Ontario funds research and innovation in online learning

eCampus Ontario (2017) Research and Innovation: Funded Projects Toronto ON: eCampus Ontario

A few days ago, eCampus Ontario officially announced nearly $2.5 million of grants for research and innovation in online learning for Ontario universities and colleges. This is a separate fund from their grants for developing online courses.

The 45 grants, from a total of 135 proposals, ranged from $17,000 to $100,000 in total. Ryerson University and Mohawk College each had five projects funded, but the University of Waterloo had the most in total grants at $396,000 with Ryerson close behind with $380,000. Mohawk received a total of $259,000, and Algonquin College received $186,000. Of the 45 grants, 14 involved two or more institutions working collaboratively.

The one common factor among all the proposals was their variety. No one area of online learning dominated, although six of the proposals were directly concerned with assessing quality in online courses. Four of the grants were to study ways to improve the course development process or to facilitate faculty better in online teaching.

Then there was a bunch of grants looking at the effectiveness of particular technologies, including four for games/gaming, three for the use of animations or simulations, and grants for exploring virtual labs or the application of virtual reality. There were about four grants focused on the use of online learning for skills development, including one on evaluating competency-based learning.

Lastly, there was a very significant grant of $80,000 to Ryerson University to support the national survey of online and distance education that I am leading.

Comment

Even setting aside my gratitude for my own grant, eCampus Ontario and the Ontario government deserve praise for investing in research and development at this level. There has been a desperate lack of funding for research or development in online learning in Canada, at least in recent years, and hopefully a great deal of learning, new developments and innovation in online learning will emerge from this process. 

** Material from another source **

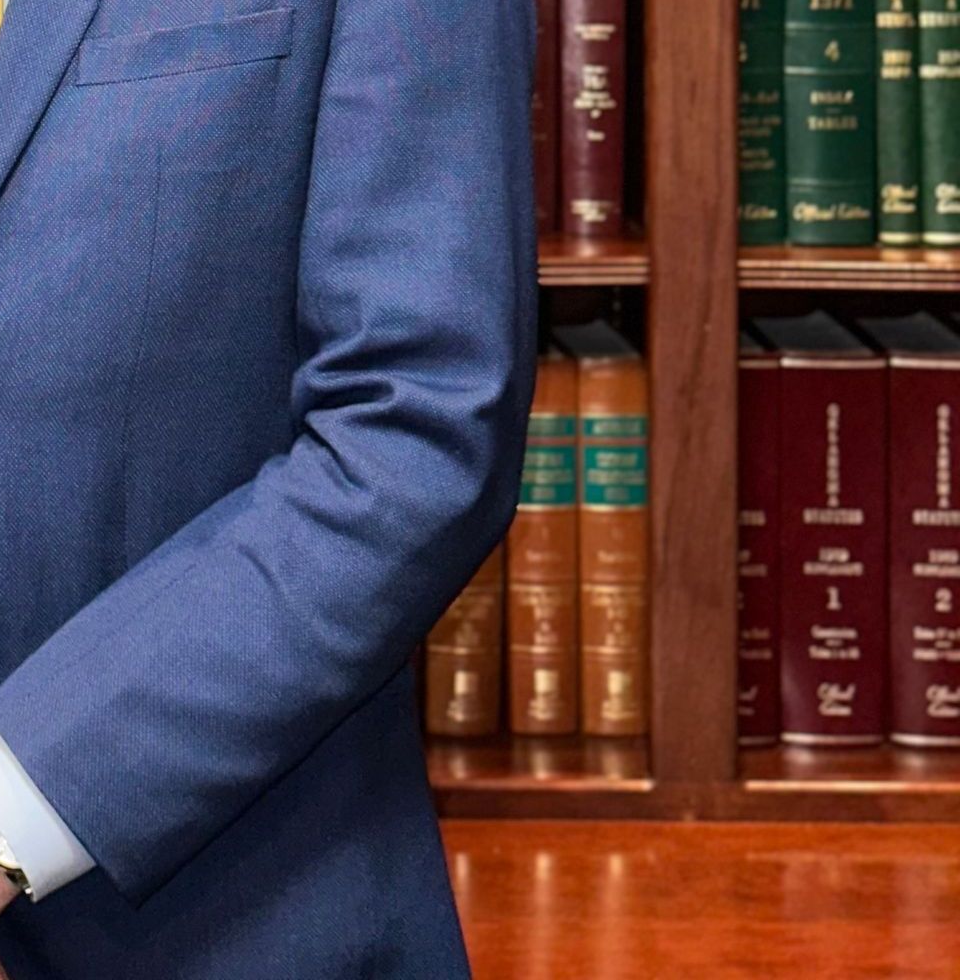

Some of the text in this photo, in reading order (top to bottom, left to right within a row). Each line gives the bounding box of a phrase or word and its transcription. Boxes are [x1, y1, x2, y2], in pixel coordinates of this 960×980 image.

[824, 40, 840, 62] 4
[826, 586, 841, 610] 1
[934, 587, 953, 612] 2

The major challenge now will be to ensure that the projects disseminate their results across the system, so that major innovations do not just hide within tiny corners of the institutions. I am eagerly looking forward to seeing what emerges from these grants.

A Spanish version of ‘Teaching in a Digital Age’ is now available

I am very pleased to announced that La Enseñanza en la Era Digital, a complete, open, online Spanish version of ‘Teaching in a Digital Age’, translated and adapted by the Centre for Distance Education, la Facultad de Ingeniería, Universidad de Buenos Aires, Argentina, is now downloadable from the BCcampus open textbook web site. 

I am extremely grateful to Ema Aveleyra, Andrea Vega and the team at el Centro de Educación a Distancia for their commitment, expertise and hard work in translating this work into Spanish and for making it publicly available.

This version joins the English, French, Vietnamese and Chinese versions of the book available from the BCcampus web site. There is also a Portuguese version printed by the Brazilian Association of Distance Education, but the online version has still to be made available. There are also translations in Turkish, Arabic, Hebrew and Farsi under way. 

The English version of the book (also available from Contact North as well as BCcampus) has been downloaded almost 50,000 times to date since its publication in April, 2015.